14. Other routes of infection, such as through sexual activity or intra-familial transmission, play a much lesser role in spreading HCV.


15. Testing for HCV:

  • Of all patients with persistently raised serum ALT levels,15% prove to be chronically infected with HCV. It is recommended that individuals with persistently raised serum ALT levels that are unexplained should be tested for HCV. Screening of the whole population is, however, not recommended.
  • Patients with defined extrahepatic manifestations of HCV should be tested for the virus.
  • It is self-evident that testing for HCV should be undertaken only if appropriate counselling can be given and appropriate treatment is available.


16. Disease progression - Controversy still exists over the proportion of patients acutely infected with HCV who progress to cirrhosis. Hospital-based data on patients with symptomatic chronic HCV infection give far higher rates of progression to cirrhosis than do analyses of all patients infected with the virus. When patients in the Irish outbreak of HCV infection caused by  contaminated anti-D immunoglobulins were followed-up, only 2% developed cirrhosis, and in other large-scale studies in children with posttransfusion HCV infection and in intravenous drug users less than 5% progressed to cirrhosis.


17. In order to reduce the morbidity and mortality caused by HCV infection, the objective of treatment should be:

  • Cure by completely eliminating HCV and normalising serum ALT levels.
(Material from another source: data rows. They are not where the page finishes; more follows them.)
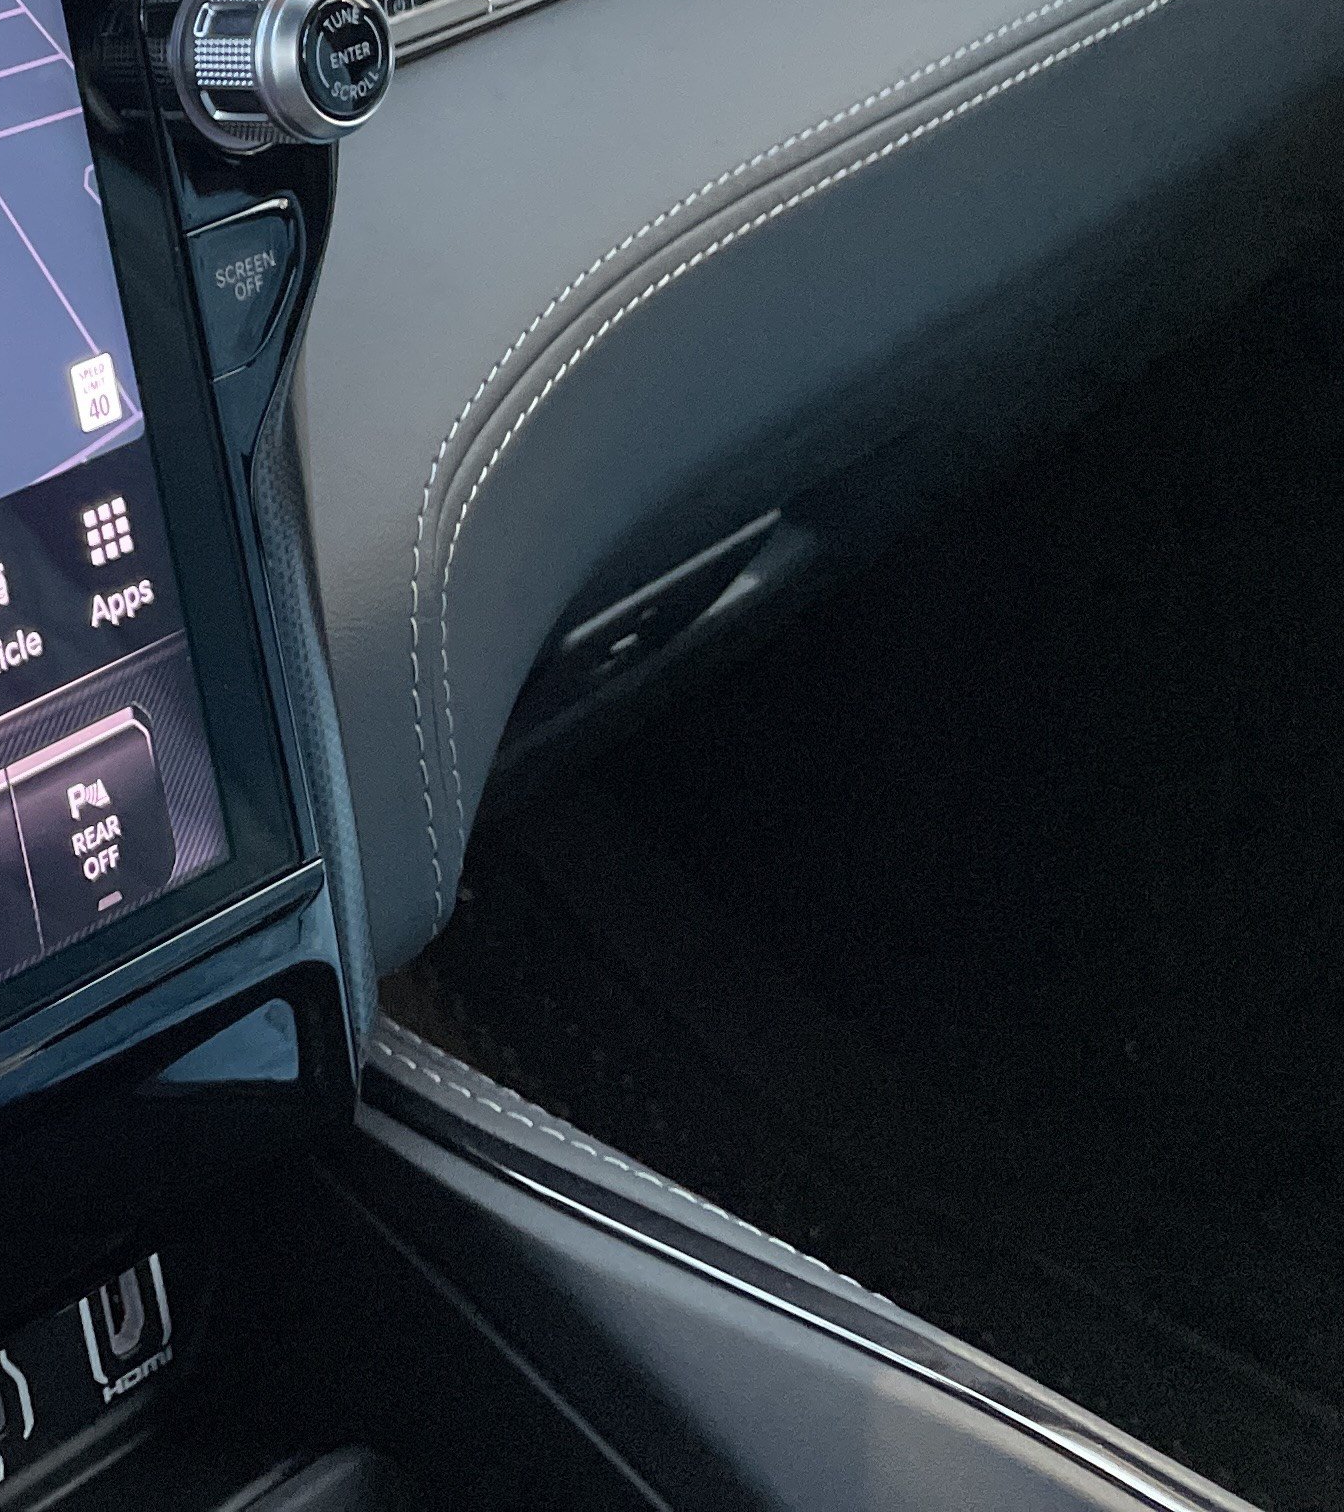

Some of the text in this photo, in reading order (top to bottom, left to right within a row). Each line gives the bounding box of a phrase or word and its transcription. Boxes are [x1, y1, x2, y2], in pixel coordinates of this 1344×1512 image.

[322, 7, 361, 35] TUNE
[330, 41, 372, 70] ENTER
[330, 70, 381, 102] SCROLL
[215, 249, 276, 288] SCREEN
[234, 272, 264, 302] OFF
[89, 393, 110, 419] 40
[90, 579, 154, 628] Apps
[71, 815, 121, 857] REAR
[81, 843, 121, 881] OFF
[103, 1345, 172, 1404] HDMI
If this is not possible, the objectives should be to:
    - Stop disease progression;
    - Improve quality of life;
    - Reduce transmission of the virus;
    - Reduce the pool of chronic carriers.
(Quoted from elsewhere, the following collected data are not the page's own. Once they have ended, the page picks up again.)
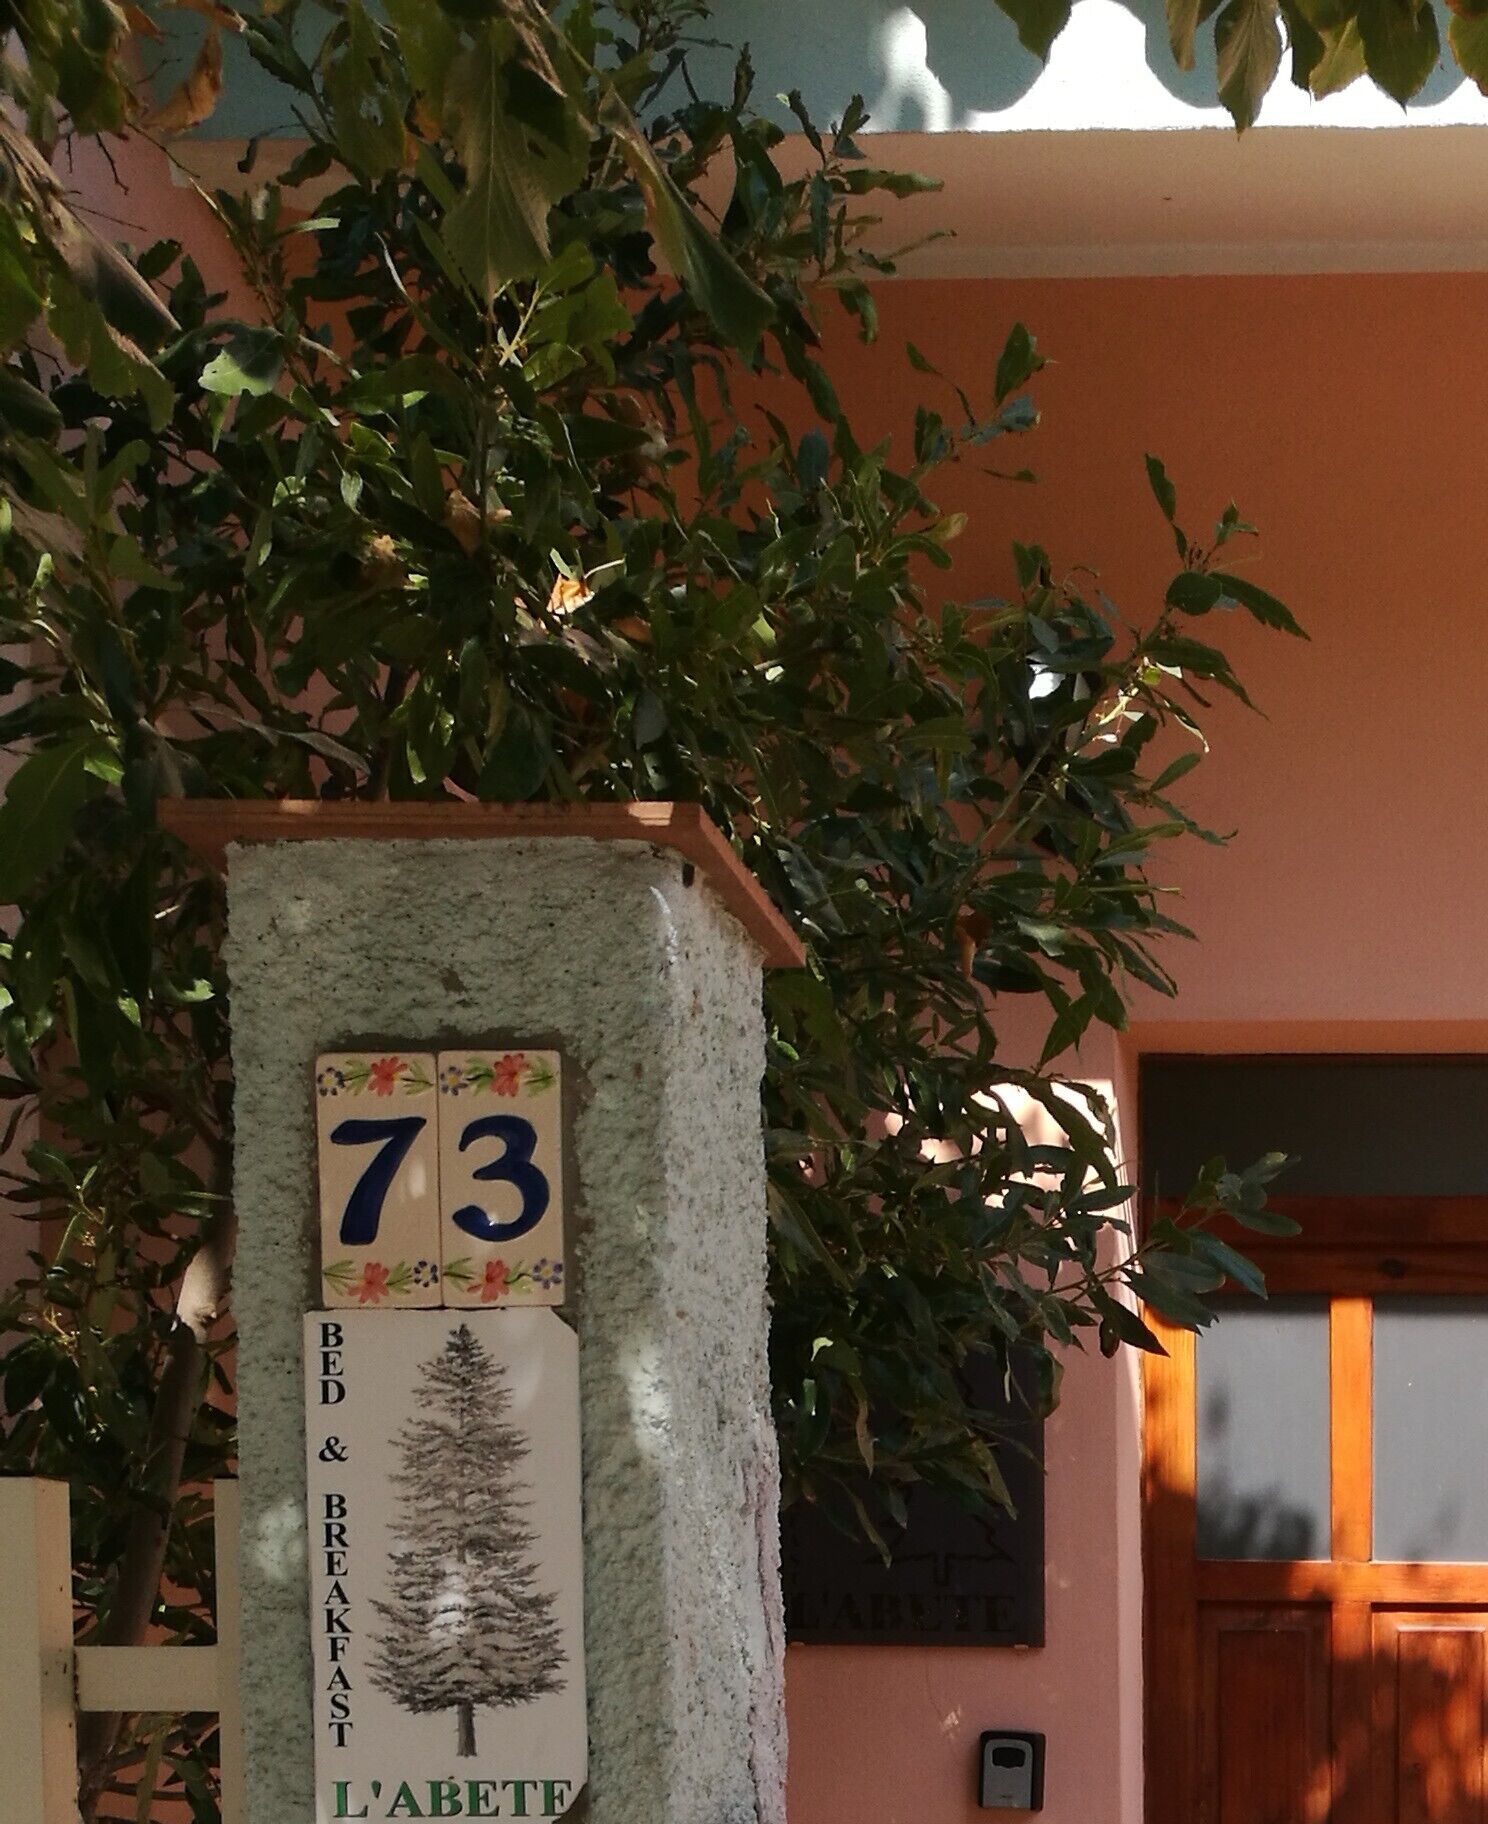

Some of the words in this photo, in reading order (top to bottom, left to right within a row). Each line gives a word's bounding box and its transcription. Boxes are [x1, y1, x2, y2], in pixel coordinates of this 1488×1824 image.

[330, 1114, 550, 1246] 73
[318, 1321, 347, 1406] BED
[318, 1435, 350, 1463] &
[322, 1492, 354, 1748] BREAKFAST
[331, 1779, 573, 1819] L'ABETE
 18. Despite a greater awareness of HCV infection, earlier diagnosis through improved laboratory techniques, and the recent introduction of more effective treatment, the overall outcome of HCV infection has not improved appreciably in recent years.


19. Treatment of chronic HCV infection with interferon does result in viral clearance in some patients, and in others it slows down progression to fibrosis. More recently, controlled trials have demonstrated that combined treatment with pegylated interferon and ribavirin has produced a greater number of sustained responses, depending on the genotype of the virus. Higher response rates are obtained with 6 months of treatment in patients with genotypes 2 and 3. Treatment of persons infected with genotype 1 produces less encouraging results and there is also the need to treat for 12 months.
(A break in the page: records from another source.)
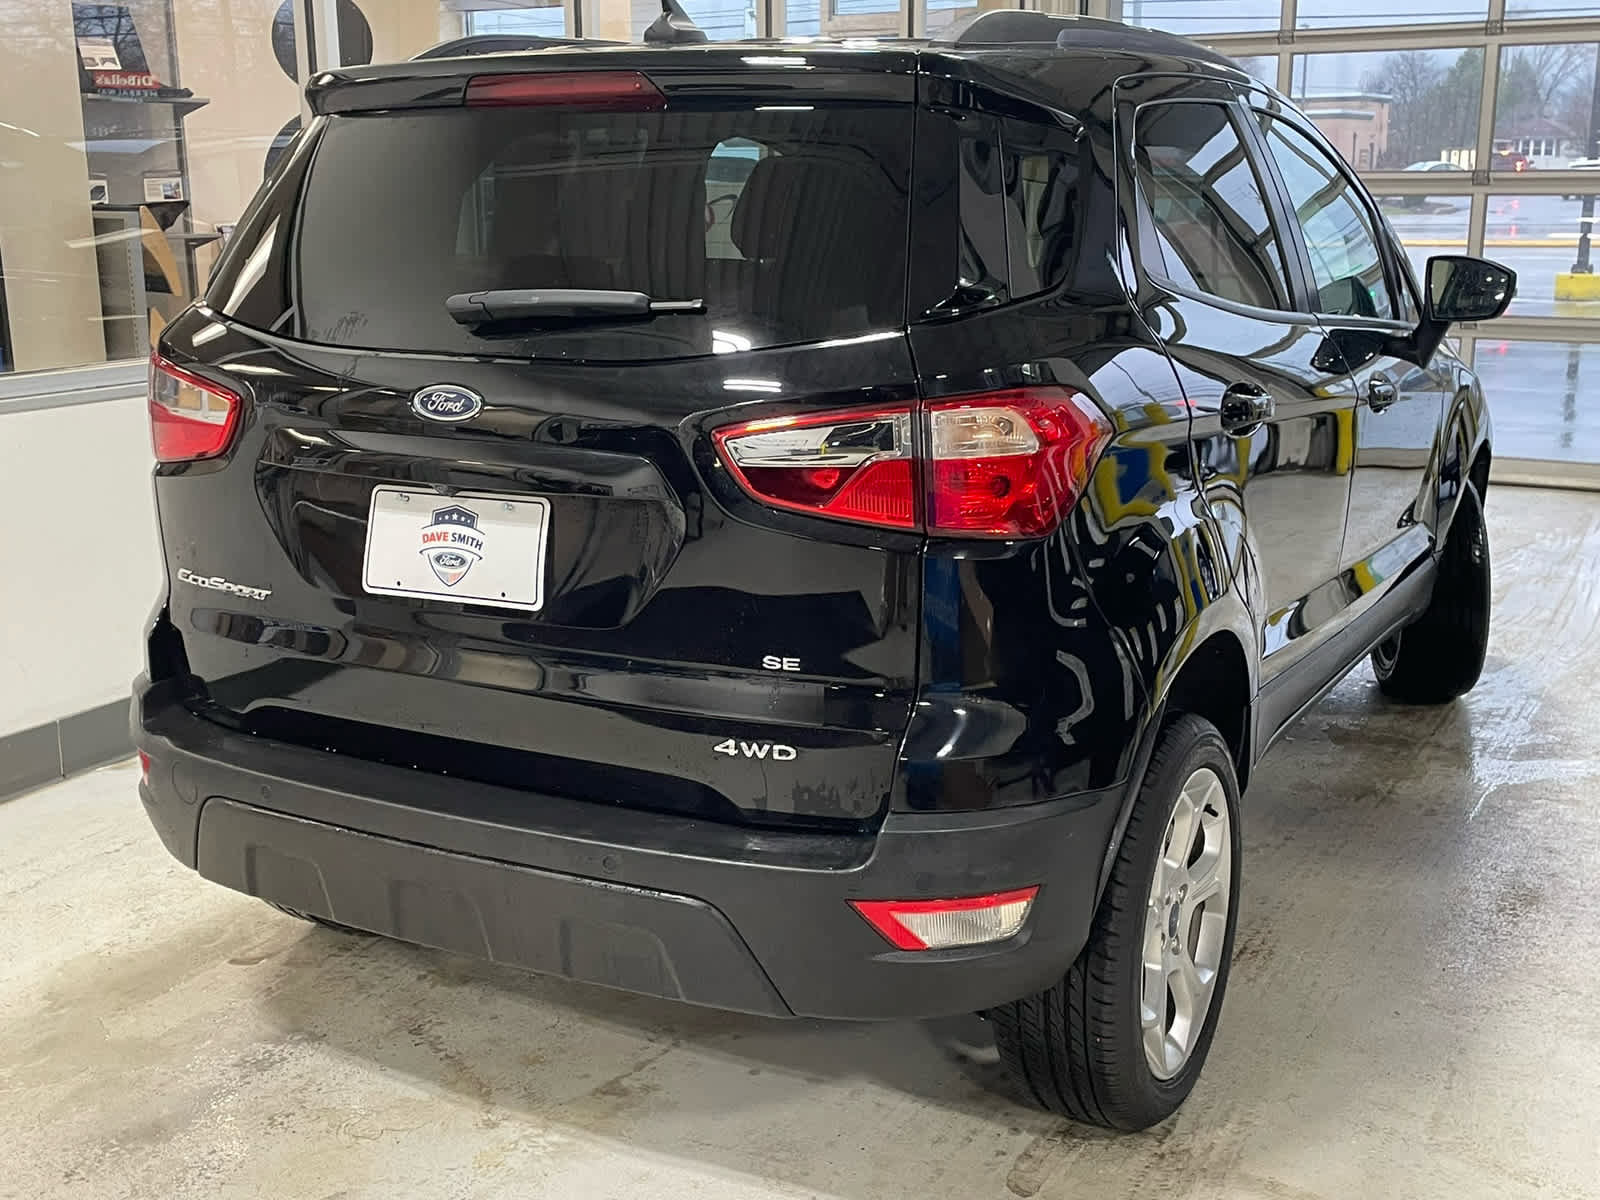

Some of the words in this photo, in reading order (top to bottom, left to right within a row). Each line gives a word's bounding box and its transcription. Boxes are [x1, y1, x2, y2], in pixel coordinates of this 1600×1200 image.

[427, 391, 466, 413] Ford
[422, 531, 449, 544] DAVE
[451, 532, 483, 551] SMITH
[762, 655, 801, 671] SE
[713, 738, 797, 761] 4WD
20. Treatment of acute community-acquired HCV infections in younger patients appears to have a higher success rate with respect to viral clearance and progression to chronic infection. If confirmed, early treatment with interferon alone or in combination with other drugs should reduce the burden of HCV disease.


21. In spite of the advances in the treatment of HCV infection, given the fact that the majority of patients infected with this virus are not under medical care, the overall impact of therapy on the number of patients who are chronically infected with HCV is relatively small.


22. The VHPB aims to contribute to the prevention and control of hepatitis C by: (1) Raising awareness among health care providers and policymakers of the public health significance of hepatitis C; (2) Informing them about the risk of HCV transmission through blood or blood products, injecting drug use, and high-risk sexual practices; (3) Stressing the potential impact of preventive strategies, including the effect on the prevalence of other infectious diseases such as hepatitis B and HIV/AIDS; (4) Collecting and collating epidemiological data on hepatitis C, especially in Europe.



Viral Hepatitis Prevention Board. Public health challenges for controlling HCV infection. Viral Hepatitis Prevention Board meeting, Geneva, Switzerland, May 13-14, 2002. Viral Hepatitis 2002; 11.1.